### TASK BRIEF
The entries follow. Print each one exactly.
(Beginning of THE RECORDS)
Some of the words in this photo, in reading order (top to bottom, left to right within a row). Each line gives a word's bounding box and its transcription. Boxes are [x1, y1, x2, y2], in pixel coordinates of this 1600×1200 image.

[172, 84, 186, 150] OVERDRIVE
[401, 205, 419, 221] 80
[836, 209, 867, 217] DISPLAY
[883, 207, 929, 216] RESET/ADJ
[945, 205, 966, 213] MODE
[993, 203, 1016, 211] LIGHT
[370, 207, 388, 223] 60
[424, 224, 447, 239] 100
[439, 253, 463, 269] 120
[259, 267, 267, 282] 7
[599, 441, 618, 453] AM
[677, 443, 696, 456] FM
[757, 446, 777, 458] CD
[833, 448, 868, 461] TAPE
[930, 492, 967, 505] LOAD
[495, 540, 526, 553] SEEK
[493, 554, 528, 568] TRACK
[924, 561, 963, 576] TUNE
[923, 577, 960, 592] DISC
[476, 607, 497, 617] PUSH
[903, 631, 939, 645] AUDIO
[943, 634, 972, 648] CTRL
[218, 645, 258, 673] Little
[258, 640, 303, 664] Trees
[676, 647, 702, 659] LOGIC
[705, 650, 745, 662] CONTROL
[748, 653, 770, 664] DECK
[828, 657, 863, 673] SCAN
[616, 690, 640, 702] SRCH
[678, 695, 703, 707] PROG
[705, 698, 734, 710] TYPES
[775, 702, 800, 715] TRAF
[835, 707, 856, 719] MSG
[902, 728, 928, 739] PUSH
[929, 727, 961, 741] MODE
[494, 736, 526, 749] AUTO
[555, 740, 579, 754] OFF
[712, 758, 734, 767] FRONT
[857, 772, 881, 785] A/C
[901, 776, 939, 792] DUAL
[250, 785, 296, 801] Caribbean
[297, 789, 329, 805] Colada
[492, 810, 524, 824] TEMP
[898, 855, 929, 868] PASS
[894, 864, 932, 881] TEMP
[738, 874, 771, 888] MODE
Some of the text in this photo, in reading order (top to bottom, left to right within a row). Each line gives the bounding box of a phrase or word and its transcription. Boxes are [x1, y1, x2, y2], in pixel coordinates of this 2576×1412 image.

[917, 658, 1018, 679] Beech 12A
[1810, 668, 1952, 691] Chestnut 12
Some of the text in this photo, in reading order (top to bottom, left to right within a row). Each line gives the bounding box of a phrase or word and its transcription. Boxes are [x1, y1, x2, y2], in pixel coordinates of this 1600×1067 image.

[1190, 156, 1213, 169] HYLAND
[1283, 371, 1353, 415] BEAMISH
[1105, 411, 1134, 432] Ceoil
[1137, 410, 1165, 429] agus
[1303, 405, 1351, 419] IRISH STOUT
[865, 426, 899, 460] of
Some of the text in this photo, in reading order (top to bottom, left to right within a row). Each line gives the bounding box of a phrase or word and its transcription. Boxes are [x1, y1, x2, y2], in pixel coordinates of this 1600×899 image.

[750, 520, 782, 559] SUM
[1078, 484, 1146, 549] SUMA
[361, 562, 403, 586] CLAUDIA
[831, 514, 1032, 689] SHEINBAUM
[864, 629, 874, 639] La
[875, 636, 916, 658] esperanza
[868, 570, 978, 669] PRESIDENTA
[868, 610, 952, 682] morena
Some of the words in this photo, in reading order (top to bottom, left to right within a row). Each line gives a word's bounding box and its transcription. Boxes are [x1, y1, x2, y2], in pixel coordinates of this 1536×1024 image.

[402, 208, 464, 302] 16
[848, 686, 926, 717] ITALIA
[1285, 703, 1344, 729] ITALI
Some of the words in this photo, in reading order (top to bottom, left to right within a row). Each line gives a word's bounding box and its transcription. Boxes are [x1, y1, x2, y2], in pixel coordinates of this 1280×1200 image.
(End of THE RECORDS)
### WRITTEN RESPONSE
Some of the words in this photo, in reading order (top to bottom, left to right within a row). Each line gives a word's bounding box and its transcription. Boxes are [x1, y1, x2, y2], in pixel coordinates of this 1600×1200 image.

[172, 84, 186, 150] OVERDRIVE
[401, 205, 419, 221] 80
[836, 209, 867, 217] DISPLAY
[883, 207, 929, 216] RESET/ADJ
[945, 205, 966, 213] MODE
[993, 203, 1016, 211] LIGHT
[370, 207, 388, 223] 60
[424, 224, 447, 239] 100
[439, 253, 463, 269] 120
[259, 267, 267, 282] 7
[599, 441, 618, 453] AM
[677, 443, 696, 456] FM
[757, 446, 777, 458] CD
[833, 448, 868, 461] TAPE
[930, 492, 967, 505] LOAD
[495, 540, 526, 553] SEEK
[493, 554, 528, 568] TRACK
[924, 561, 963, 576] TUNE
[923, 577, 960, 592] DISC
[476, 607, 497, 617] PUSH
[903, 631, 939, 645] AUDIO
[943, 634, 972, 648] CTRL
[218, 645, 258, 673] Little
[258, 640, 303, 664] Trees
[676, 647, 702, 659] LOGIC
[705, 650, 745, 662] CONTROL
[748, 653, 770, 664] DECK
[828, 657, 863, 673] SCAN
[616, 690, 640, 702] SRCH
[678, 695, 703, 707] PROG
[705, 698, 734, 710] TYPES
[775, 702, 800, 715] TRAF
[835, 707, 856, 719] MSG
[902, 728, 928, 739] PUSH
[929, 727, 961, 741] MODE
[494, 736, 526, 749] AUTO
[555, 740, 579, 754] OFF
[712, 758, 734, 767] FRONT
[857, 772, 881, 785] A/C
[901, 776, 939, 792] DUAL
[250, 785, 296, 801] Caribbean
[297, 789, 329, 805] Colada
[492, 810, 524, 824] TEMP
[898, 855, 929, 868] PASS
[894, 864, 932, 881] TEMP
[738, 874, 771, 888] MODE
Some of the text in this photo, in reading order (top to bottom, left to right within a row). Each line gives the bounding box of a phrase or word and its transcription. Boxes are [x1, y1, x2, y2], in pixel coordinates of this 2576×1412 image.

[917, 658, 1018, 679] Beech 12A
[1810, 668, 1952, 691] Chestnut 12
Some of the text in this photo, in reading order (top to bottom, left to right within a row). Each line gives the bounding box of a phrase or word and its transcription. Boxes are [x1, y1, x2, y2], in pixel coordinates of this 1600×1067 image.

[1190, 156, 1213, 169] HYLAND
[1283, 371, 1353, 415] BEAMISH
[1105, 411, 1134, 432] Ceoil
[1137, 410, 1165, 429] agus
[1303, 405, 1351, 419] IRISH STOUT
[865, 426, 899, 460] of
Some of the text in this photo, in reading order (top to bottom, left to right within a row). Each line gives the bounding box of a phrase or word and its transcription. Boxes are [x1, y1, x2, y2], in pixel coordinates of this 1600×899 image.

[750, 520, 782, 559] SUM
[1078, 484, 1146, 549] SUMA
[361, 562, 403, 586] CLAUDIA
[831, 514, 1032, 689] SHEINBAUM
[864, 629, 874, 639] La
[875, 636, 916, 658] esperanza
[868, 570, 978, 669] PRESIDENTA
[868, 610, 952, 682] morena
Some of the words in this photo, in reading order (top to bottom, left to right within a row). Each line gives a word's bounding box and its transcription. Boxes are [x1, y1, x2, y2], in pixel coordinates of this 1536×1024 image.

[402, 208, 464, 302] 16
[848, 686, 926, 717] ITALIA
[1285, 703, 1344, 729] ITALI
Some of the words in this photo, in reading order (top to bottom, left to right within a row). Each line gives a word's bounding box and its transcription. Boxes are [x1, y1, x2, y2], in pixel coordinates of this 1280×1200 image.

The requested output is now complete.